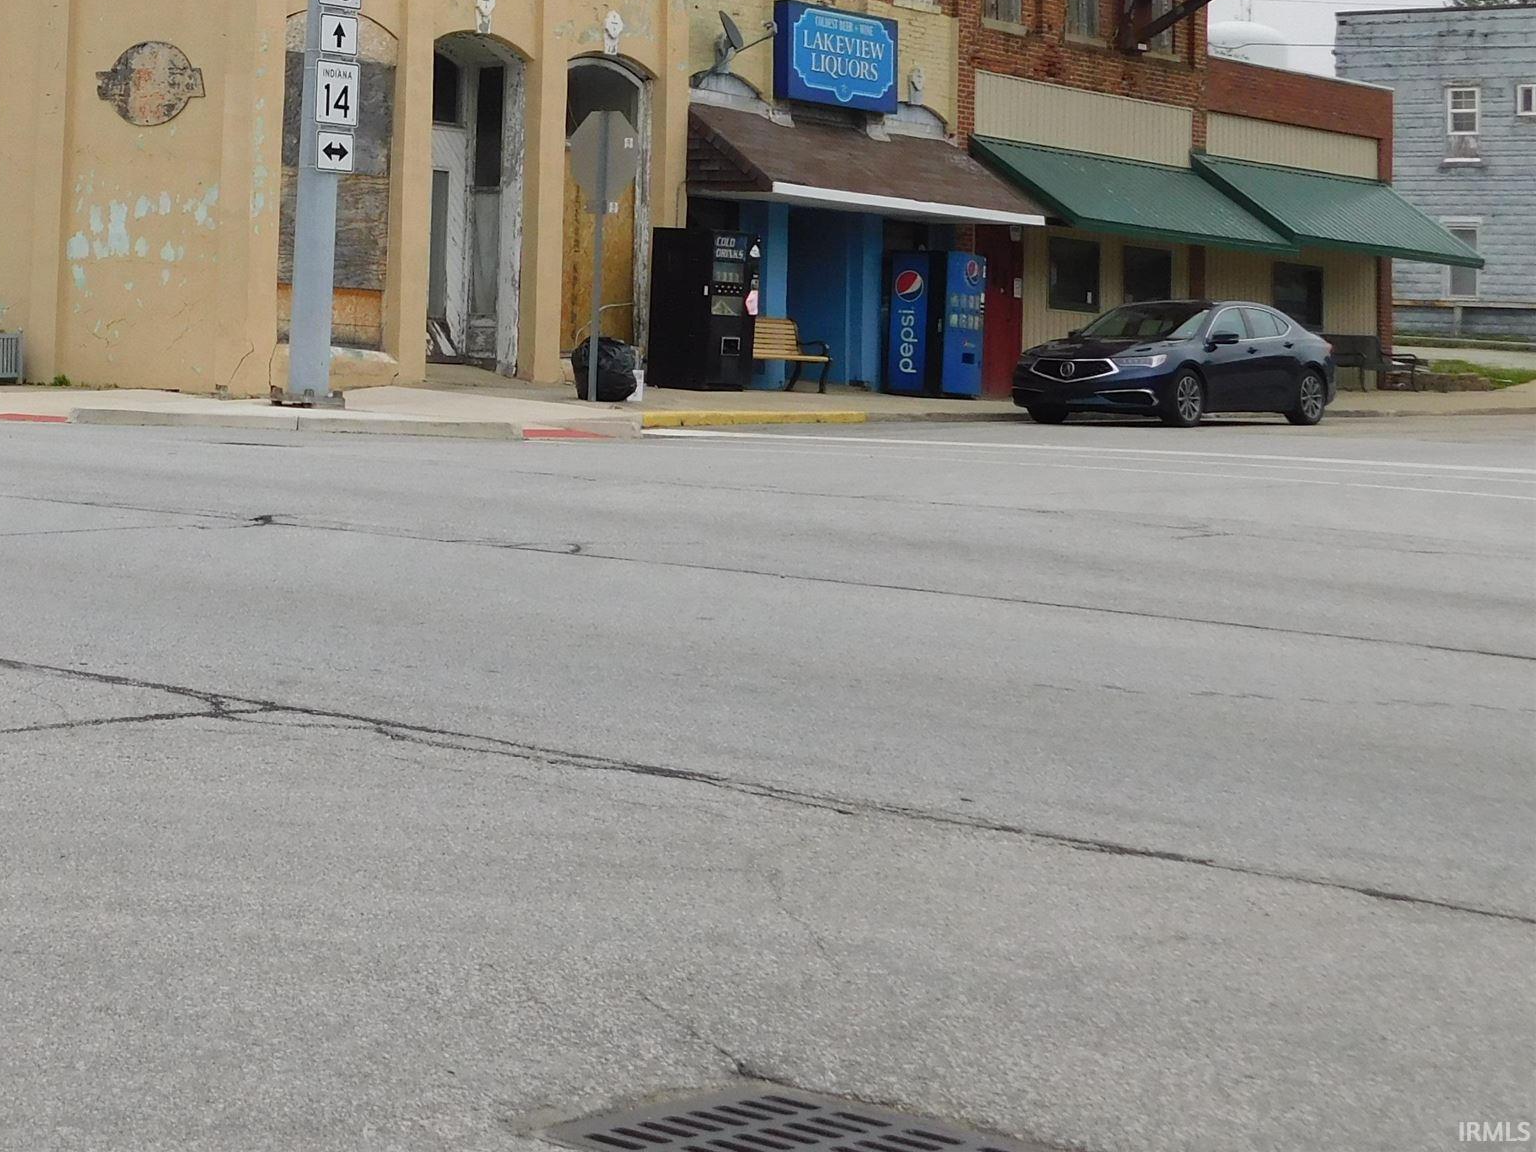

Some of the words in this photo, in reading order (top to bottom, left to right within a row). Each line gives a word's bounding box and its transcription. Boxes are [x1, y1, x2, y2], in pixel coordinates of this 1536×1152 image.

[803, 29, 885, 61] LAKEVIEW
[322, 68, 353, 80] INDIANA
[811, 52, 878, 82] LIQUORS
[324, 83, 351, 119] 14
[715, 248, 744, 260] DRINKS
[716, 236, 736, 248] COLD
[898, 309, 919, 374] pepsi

###

Only the pictures are to be dropped; all other material above must be repeated exactly.

Some of the words in this photo, in reading order (top to bottom, left to right within a row). Each line gives a word's bounding box and its transcription. Boxes are [x1, y1, x2, y2], in pixel coordinates of this 1536×1152 image.

[803, 29, 885, 61] LAKEVIEW
[322, 68, 353, 80] INDIANA
[811, 52, 878, 82] LIQUORS
[324, 83, 351, 119] 14
[715, 248, 744, 260] DRINKS
[716, 236, 736, 248] COLD
[898, 309, 919, 374] pepsi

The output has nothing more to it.